Coleman also suggested the energy sector make an effort to address some of the public perception-related issues which had “a tendency to divide industry, depending on where you sit and whether or not you are directly affected”.
This included concerns that Australia was facing an energy security crisis.
“Quite rightly, there are many here today who are feeling under significant pressure and a little aggrieved by the way our industry is being portrayed in national debates,” he noted.
“But equally, there are others who may be scratching their heads and wondering what went wrong and how we ended up here.
“Now is not the time for us to revert to tribal behaviours that could leave our industry vulnerable to populist campaigns. Now is the time for us to unite as an industry and define our common purpose, mindful of the need to explain to the community how they benefit from our activities.”

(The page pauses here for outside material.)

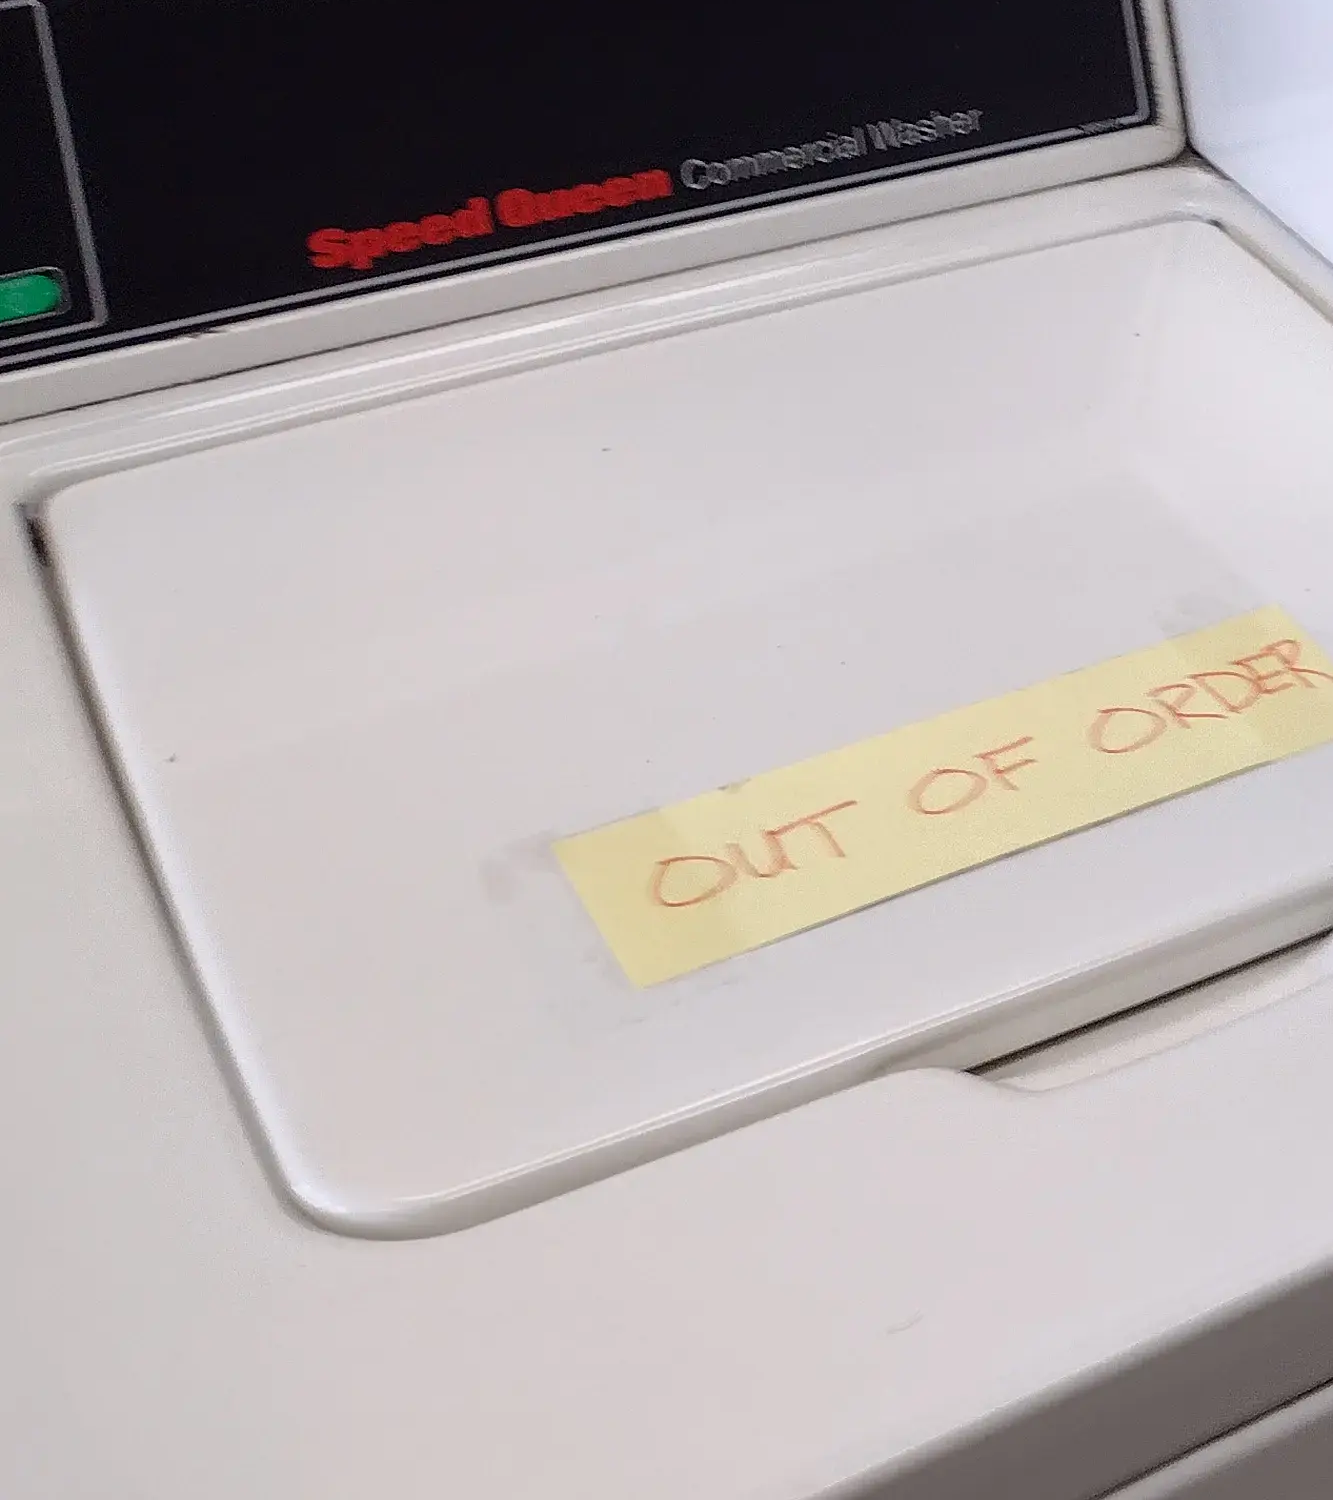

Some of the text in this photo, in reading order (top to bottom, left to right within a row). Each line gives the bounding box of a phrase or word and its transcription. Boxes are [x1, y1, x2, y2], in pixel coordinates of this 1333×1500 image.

Additionally, Coleman believed the growing uncertainty over energy security had “shone a spotlight on the constraints of east coast gas markets, revealing manufacturers’ anxieties over escalating prices and supply shortages”.
“This highlighted dual challenges – state government exploration and development bans were restricting new supply, while the rapid growth in exports from the east coast hoovered up much of existing production,” he noted.

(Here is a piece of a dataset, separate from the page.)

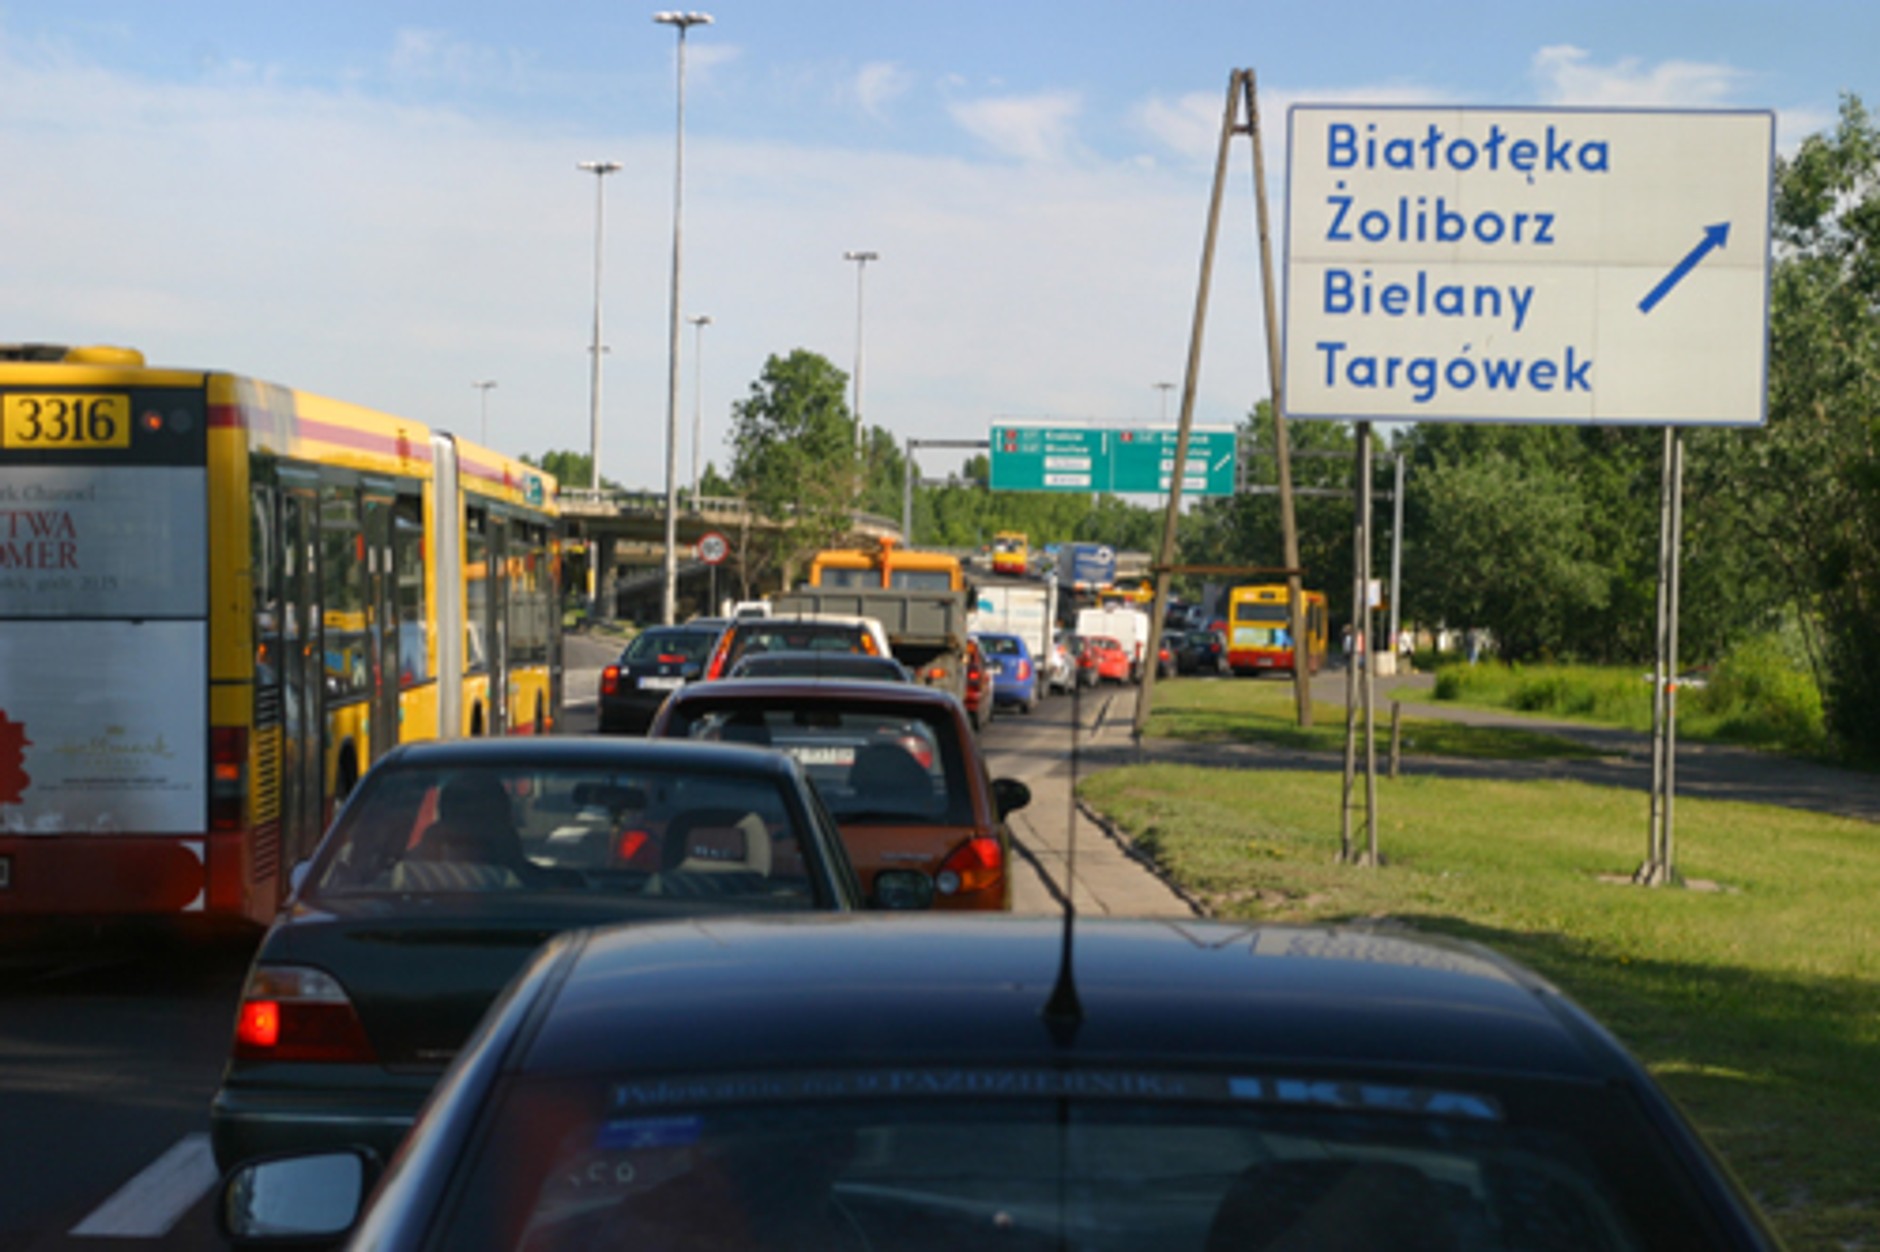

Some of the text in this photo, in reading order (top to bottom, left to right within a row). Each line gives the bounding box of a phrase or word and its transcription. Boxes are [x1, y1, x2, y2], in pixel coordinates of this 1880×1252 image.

“The exploration and drilling bans are symptomatic of a trust deficit that has emerged between our industry and the broader community. The imbalance between exports and domestic gas has made this situation worse.
“It is clear we need to consider how we can regain the trust of the public.
“We need to convey to the community that we understand they own the resources. As resource developers, we commit to being responsible stewards of the environment.
“But over and above this, we have a responsibility to make a contribution to energy security, as well as a social contribution and an economic contribution, including through creation of jobs and payment of taxes.”
In his review, Callaghan recommended there be a number of PRRT changes to apply to existing and new projects.
- Stopping off- to onshore transitioning projects with a starting base (deductable expenditures) being combined with future onshore projects without a starting base to form a single PRRT undertaking that could use the starting base amount as a tax shield for the entire project;
- Recognising that any changes to decommissioning requirements coming from the review should take into account that onerous closing down requirements would significantly affect PRRT revenue;
- Amending the PRRT payment arrangements whereby taxpayers would be required to lodge annual returns after they started holding an interest in an exploration permit, retention lease or production licence rather than having to wait until they received assessable receipts from the project;
- Giving the Commissioner of Taxation the power to treat a new project as a continuation of an earlier one (when it would be reasonable to do so);
- Amending the payment rules so taxpayers could choose to adopt a substituted accounting period for their PRRT so it would align with their choice to use a substituted accounting period for income tax;
- Making sure Multiple Entry Consolidated outfits (income tax consolidated groups of Australian entities that are wholly foreign-owned and do not have a common Australian head company) can make a functional currency choice for PRRT purposes which aligns with the functional currency choice made for income tax purposes;
- Allowing the Australian Taxation Office to exempt projects from lodging PRRT returns when they are clearly unlikely to pay this impost in the foreseeable future, and;
- Adjusting the PRRT anti-avoidance rules so they are in line with amendments to income tax laws.